Many health care providers, like much of the general population, seem to be biased toward those who share their own sexual identity, according to a new study at the University of Washington.
Among heterosexual providers, the researchers found a widespread “moderate to strong” implicit preference for straight people over lesbian and gay people. Similarly, among lesbian and gay health providers, there is expressed implicit and explicit preferences for lesbian and gay people over straight people. Bisexual providers were found to have mixed preferences.
Mental health providers had the least implicit bias for heterosexual people over lesbian and gay people, and nurses held the strongest implicit bias for heterosexual people over lesbian and gay people.
The researchers note that clinical care of the lesbian, gay, bisexual, and transgender (LGBT) population is a somewhat neglected area in curriculum in nursing, medicine, and other areas of healthcare education.
“We want all providers to be proficient in treating diverse populations, including the LGBT population,” said lead researcher Dr. Janice Sabin, University of Washington (UW) research associate professor in biomedical informatics and medical education.
Drs.
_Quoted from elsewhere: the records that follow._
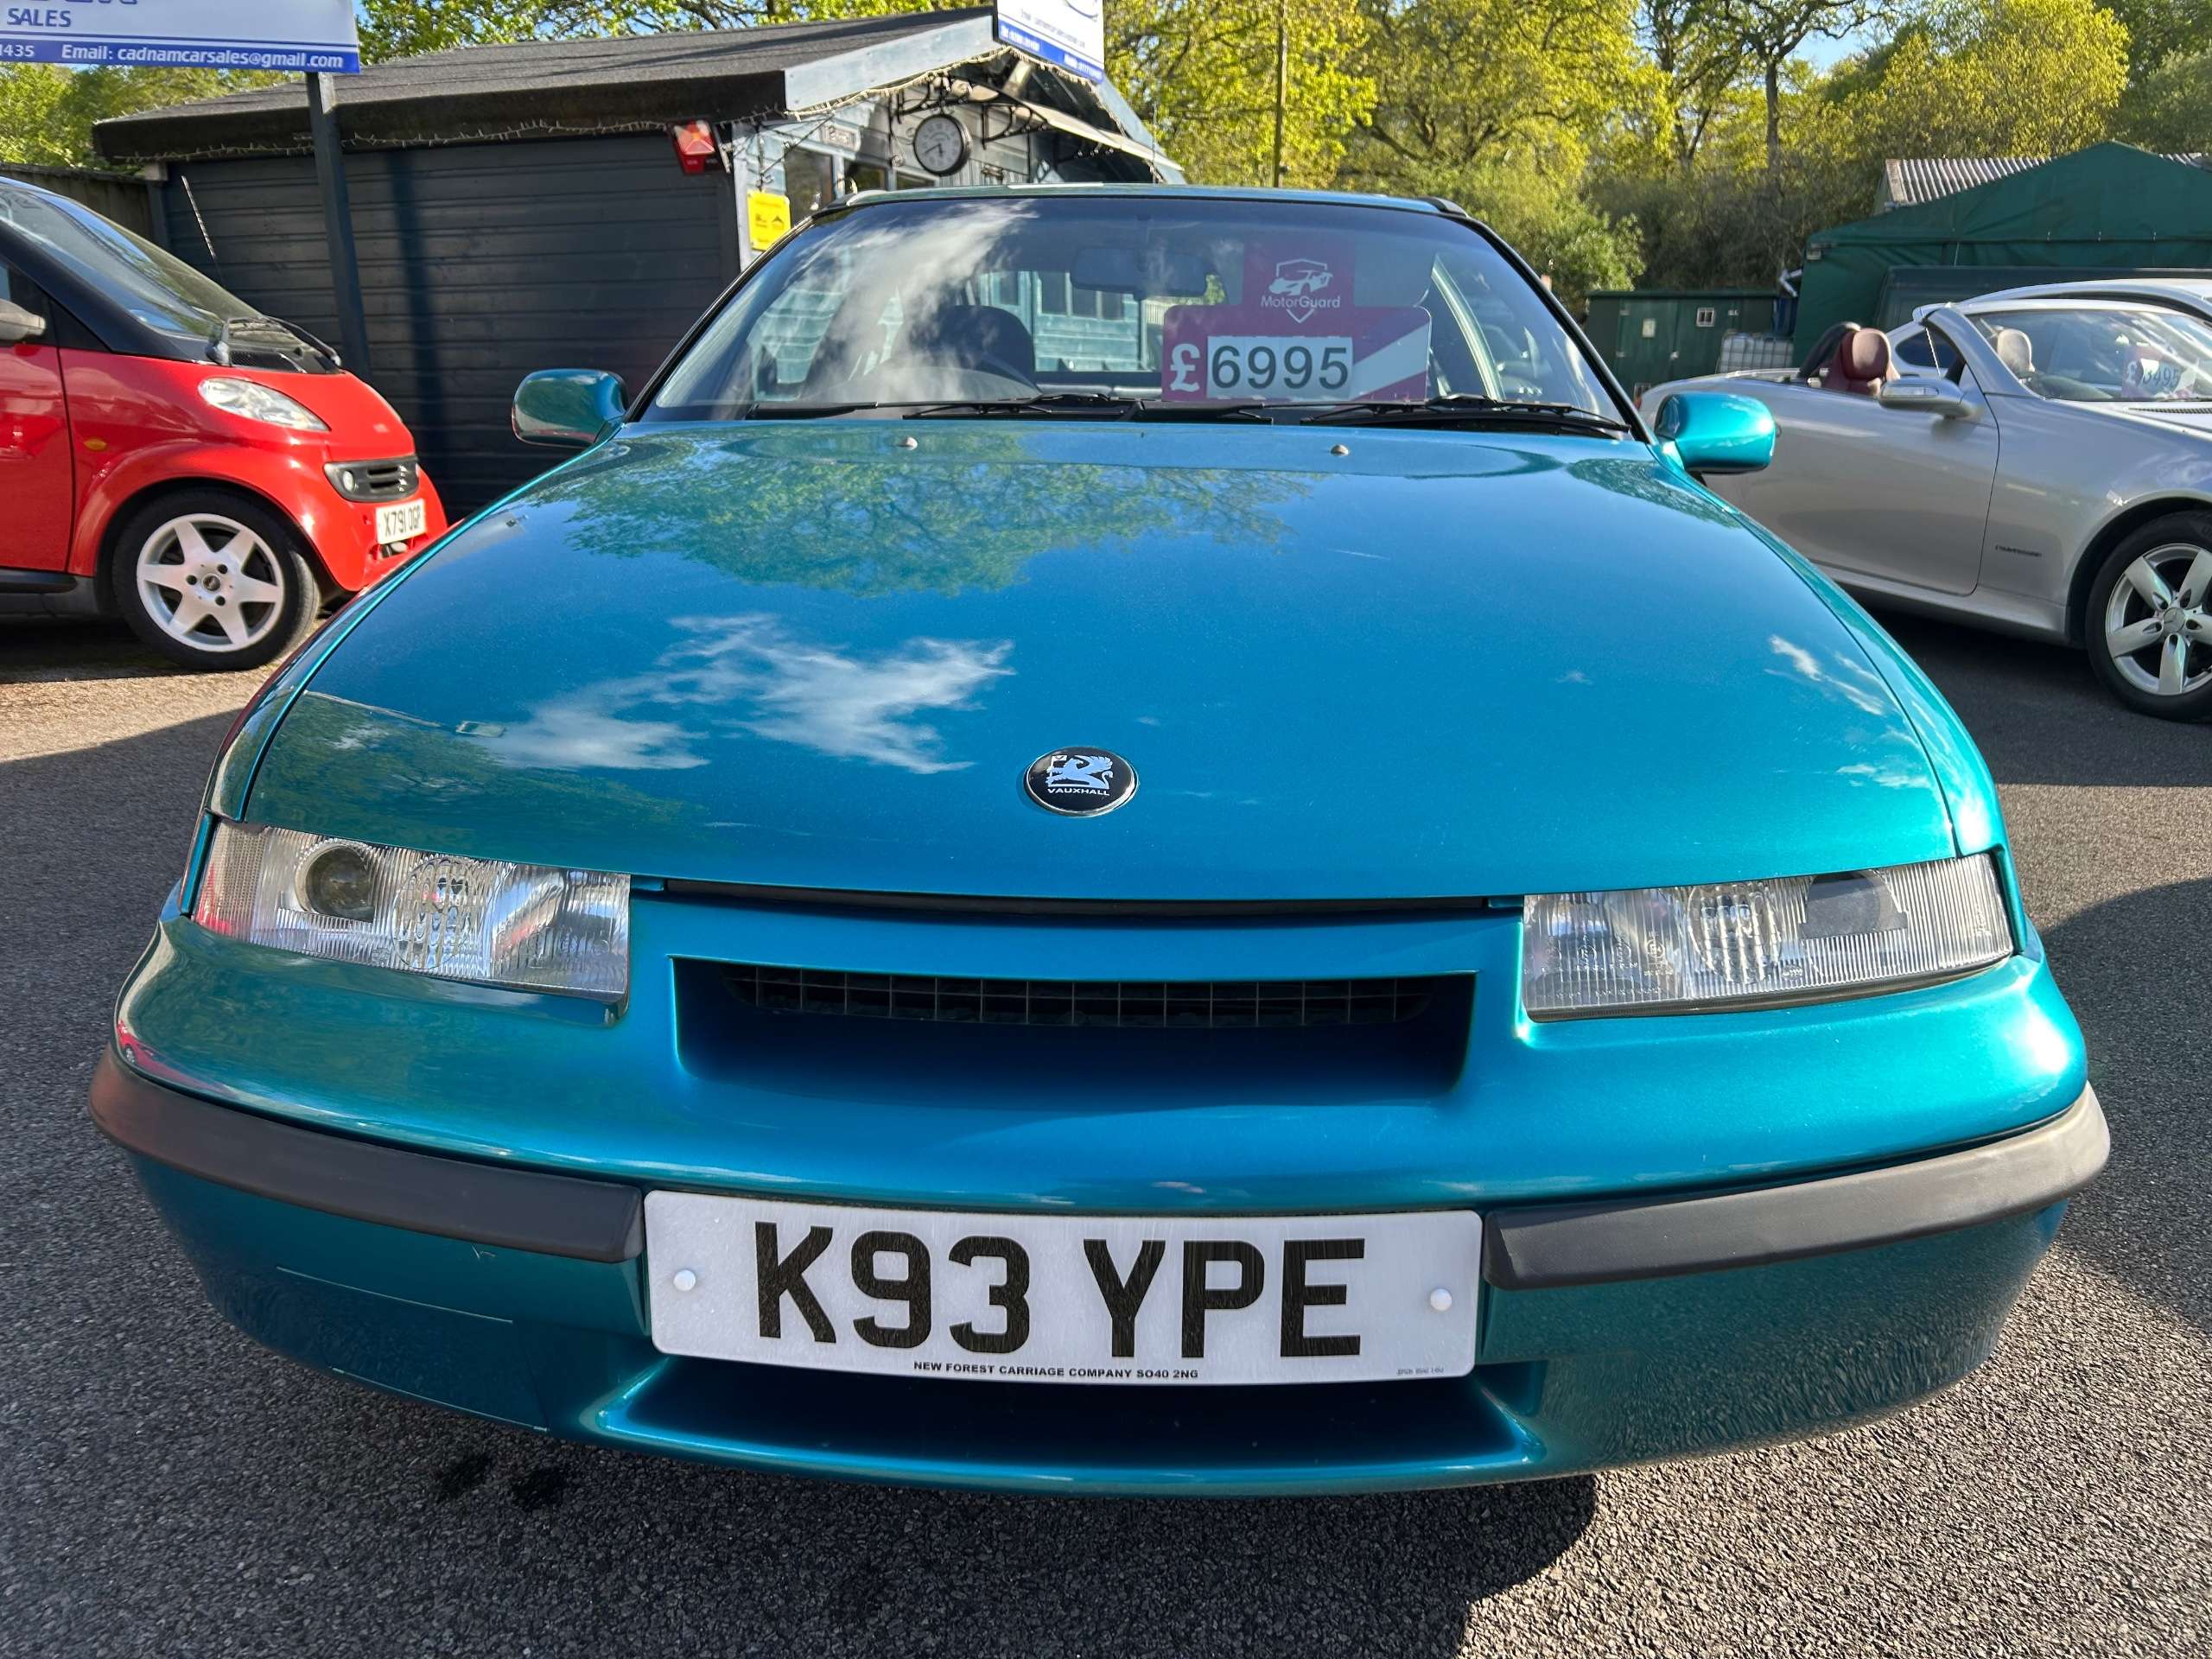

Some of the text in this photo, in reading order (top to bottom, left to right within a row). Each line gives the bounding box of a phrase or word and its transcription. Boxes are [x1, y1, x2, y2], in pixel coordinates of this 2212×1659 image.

[7, 8, 72, 28] SALES
[61, 44, 113, 60] Email:
[118, 47, 344, 68] cadnamcarsales@gmail.com
[1261, 295, 1341, 308] MotorGuard
[1047, 787, 1110, 796] VAUXHALL
[755, 1221, 1365, 1358] K93 YPE
[913, 1361, 1198, 1378] NEW FOREST CARRIAGE COMPANY SO40 2NG
Rachel G. Riskind of Guilford College in Greensboro, N.C., and Brian A. Nosek at the University of Virginia in Charlottesville, were co-authors of the study.
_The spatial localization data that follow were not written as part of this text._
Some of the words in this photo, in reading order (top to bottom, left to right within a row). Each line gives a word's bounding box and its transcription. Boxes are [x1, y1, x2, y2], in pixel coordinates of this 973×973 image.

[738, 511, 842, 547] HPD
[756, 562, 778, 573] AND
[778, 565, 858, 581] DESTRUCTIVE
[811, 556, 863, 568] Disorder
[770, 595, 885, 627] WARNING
For the study, researchers used the Sexuality Implicit Association Test developed to assess presence of implicit bias toward either heterosexual or homosexual individuals. The test captured demographic data and implicit association test results for more than 200,000 participants between May 2006 and December 2012.
Respondents were asked to indicate their explicit preferences towards heterosexual, lesbian, and gay people by endorsing statements ranging from “I strongly prefer straight people to gay people to “I strongly prefer gay people to straight people.”
The study categorized health care respondents by their profession — medical doctor, nurse, mental health provider, other treatment provider, or non-provider — to assess attitudes specifically from such providers.
Sabin noted that “training for health care providers about treating sexual minority patients is an area in great need of attention.”
Although the study found implicit bias among healthcare providers, Sabin said future research should examine how providers’ implicit and explicit preferences toward sexual orientation affect delivery of care to members of sexual minority populations.
The findings are published in the American Journal of Public Health.